My new novel, 17 & Gone, comes out tomorrow, March 21, and to mark the release of this story about a 17-year-old girl haunted by the missing, I’ve asked some authors I know to join me in answering this question… What haunted YOU at 17? Here’s Carrie Ryan revealing how she ended up haunting herself when she was 17 years old…
Guest post by Carrie Ryan

“Carrie, you are only 17. Live long and enjoy your life. You are a person, so stand up and be one. In life, not everyone will like you, that is a fact all people must face. In the same respect, many people will like you, so make sure it’s the real you they like.”

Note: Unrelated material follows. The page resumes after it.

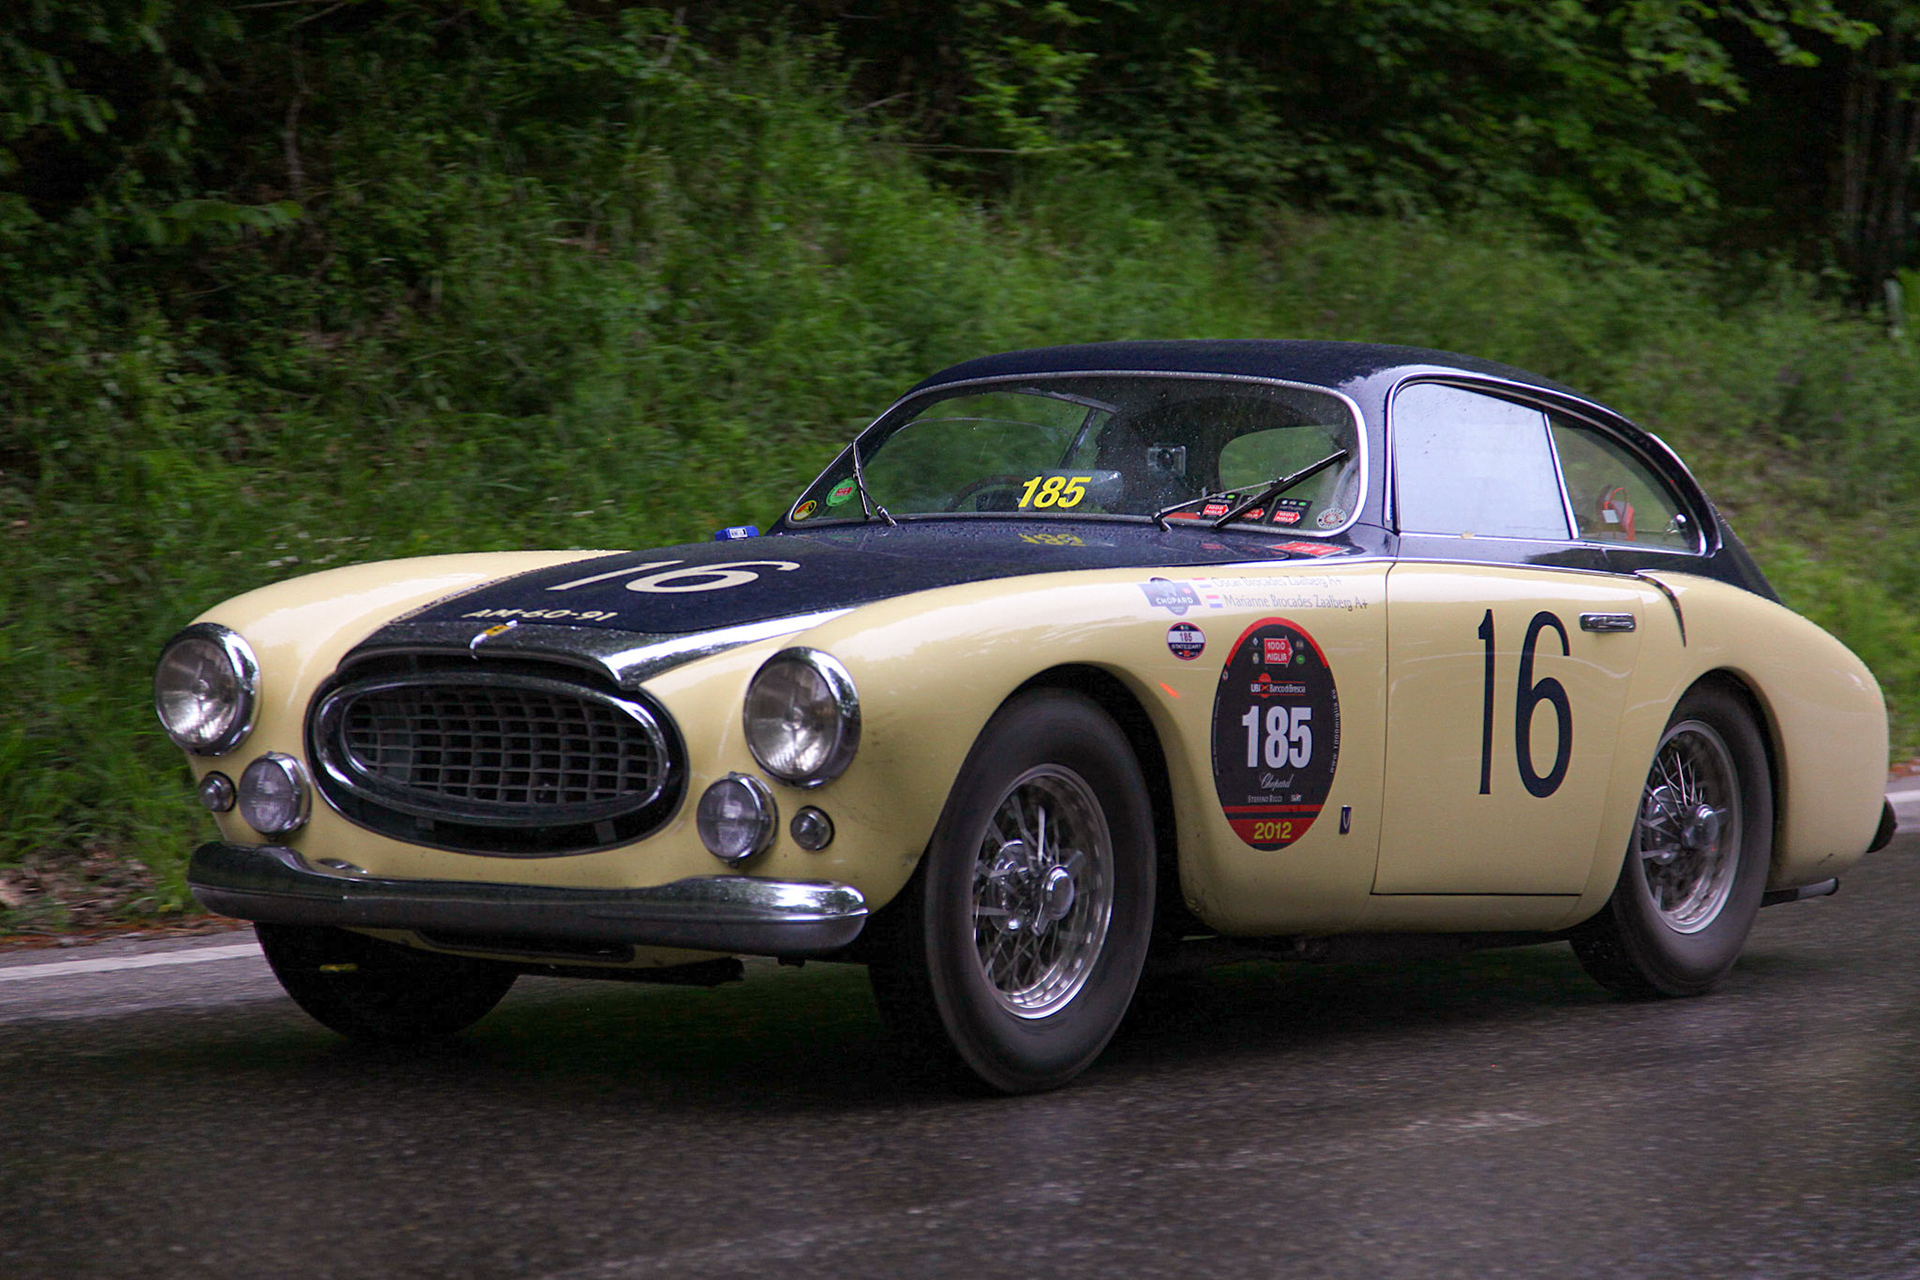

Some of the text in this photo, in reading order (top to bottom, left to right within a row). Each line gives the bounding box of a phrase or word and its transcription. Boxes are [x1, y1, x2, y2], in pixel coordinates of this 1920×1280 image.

—From my journal, May 1, 1995 (when I was 17)
What haunted me when I was 17? Myself. I still have my journals from high school, and reading back over them, there’s one thing that’s abundantly clear: I was always getting in my own way. Trying so desperately to figure out who I was that I wasn’t allowing myself to just be.
I was haunted by this idea that there could be this perfect me out there—that I could find some sort of combination of traits and qualities that would make me work. And by work I mean would make me feel settled in my own skin. I spent a lot of time chasing after an idea of myself that people would admire, love, respect, desire.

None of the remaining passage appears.